NSPrivacyCollectedDataTypes

Apple has identified a list of data types that when collected may help to identify/track the device. Device ID is the only data from that list that our iOS SDK collects from the device. As part of this dictionary item, Apple also requires the reason this data is collected to be declared in the privacy manifest file. This data is represented in our privacy manifest file:

<!-- Privacy manifest file for Fingerprint Identification SDK for iOS -->
<key>NSPrivacyCollectedDataTypes</key>
<array>
  <dict>
    <!-- The value provided by Apple for 'Device ID' data type -->
    <key>NSPrivacyCollectedDataType</key>
    <string>NSPrivacyCollectedDataTypeDeviceID</string>

    <!-- Fingerprint Identification SDK does not link the 'Device ID' with user's identity --> 
    <key>NSPrivacyCollectedDataTypeLinked</key>
    <false/>

    <!-- Fingerprint Identification SDK does not use 'Device ID' for tracking -->
    <key>NSPrivacyCollectedDataTypeTracking</key>
    <false/>

    <!-- Fingerprint Identification SDK uses 'Device ID' for App Functionality 
         (prevent fraud and implement security measures) -->
    <key>NSPrivacyCollectedDataTypePurposes</key>
    <array>
      <string>NSPrivacyCollectedDataTypePurposeAppFunctionality</string>
    </array>
  </dict>
</array>

NSPrivacyAccessedAPITypes

Fingerprint Identification SDK for iOS uses File timestamp APIs. It is one of the Required Reason API and thus it needs to be included in the privacy manifest file.
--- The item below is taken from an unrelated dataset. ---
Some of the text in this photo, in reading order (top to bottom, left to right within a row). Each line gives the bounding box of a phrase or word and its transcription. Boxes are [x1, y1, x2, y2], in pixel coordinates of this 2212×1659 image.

<!-- Privacy manifest file for Fingerprint Identification SDK for iOS -->
<key>NSPrivacyAccessedAPITypes</key>
<array>
  <dict>
    <!-- The value provided by Apple for 'File timestamp APIs' -->
    <key>NSPrivacyAccessedAPIType</key>
    <string>NSPrivacyAccessedAPICategoryFileTimestamp</string>

    <!-- Fingerprint Identification SDK uses 'File timestamp APIs' to manage persistent cache data -->
    <key>NSPrivacyAccessedAPITypeReasons</key>
    <array>
      <string>C617.1</string>
    </array>
  </dict>
</array>

Privacy Manifest File for your App

Below, you will find answers to some of the most frequently asked questions with respect to creating privacy manifest files for your apps:

My app uses Fingerprint Identification SDK but the app itself does not collect any sensitive data. It also does not use any of the Required Reason APIs. Should I still provide a privacy manifest file for my app?

  • No. According to Apple documentation, your app’s privacy manifest file doesn’t need to cover data collected by third-party SDKs that your app links to.
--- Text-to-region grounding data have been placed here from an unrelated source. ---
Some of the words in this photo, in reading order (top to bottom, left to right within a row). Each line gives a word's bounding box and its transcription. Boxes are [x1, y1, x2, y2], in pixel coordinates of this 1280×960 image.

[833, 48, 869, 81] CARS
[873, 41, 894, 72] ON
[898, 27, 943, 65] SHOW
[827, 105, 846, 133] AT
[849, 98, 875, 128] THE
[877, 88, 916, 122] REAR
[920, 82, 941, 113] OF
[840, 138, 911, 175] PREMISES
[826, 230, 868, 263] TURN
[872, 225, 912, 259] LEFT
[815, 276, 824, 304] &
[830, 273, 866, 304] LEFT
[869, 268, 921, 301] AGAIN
My app uses Fingerprint Identification SDK. The app itself also collects the same data as the SDK for the same purpose specified in the SDK's privacy manifest file. Should I still provide a privacy manifest file for my app?

  • Yes. Apple will aggregate the privacy manifest files provided for your app and all the third-party SDKs that your app links to. See Create your app's privacy report for more information.
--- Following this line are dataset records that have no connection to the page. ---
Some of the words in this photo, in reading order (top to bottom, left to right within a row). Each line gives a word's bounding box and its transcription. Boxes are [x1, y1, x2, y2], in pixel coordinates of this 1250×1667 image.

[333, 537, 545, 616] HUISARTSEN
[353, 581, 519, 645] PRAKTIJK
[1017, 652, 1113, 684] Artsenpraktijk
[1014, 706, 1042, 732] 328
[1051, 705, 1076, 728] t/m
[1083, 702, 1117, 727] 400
My app uses Fingerprint Identification SDK. What kind of assistance can Fingerprint provide towards submitting my app for review?

  • This page is a good starting point for creating the privacy manifest file for your app. For a complete example of a privacy manifest file, you can also refer to the privacy manifest file of our demo app.
  • We can review the privacy manifest file for your app to ensure that the use of Fingerprint Identification SDK is represented correctly.
  • During the app submission process, for any questions that Apple raises about the data collected/processed by Fingerprint Identification SDK, we will help you answer those questions.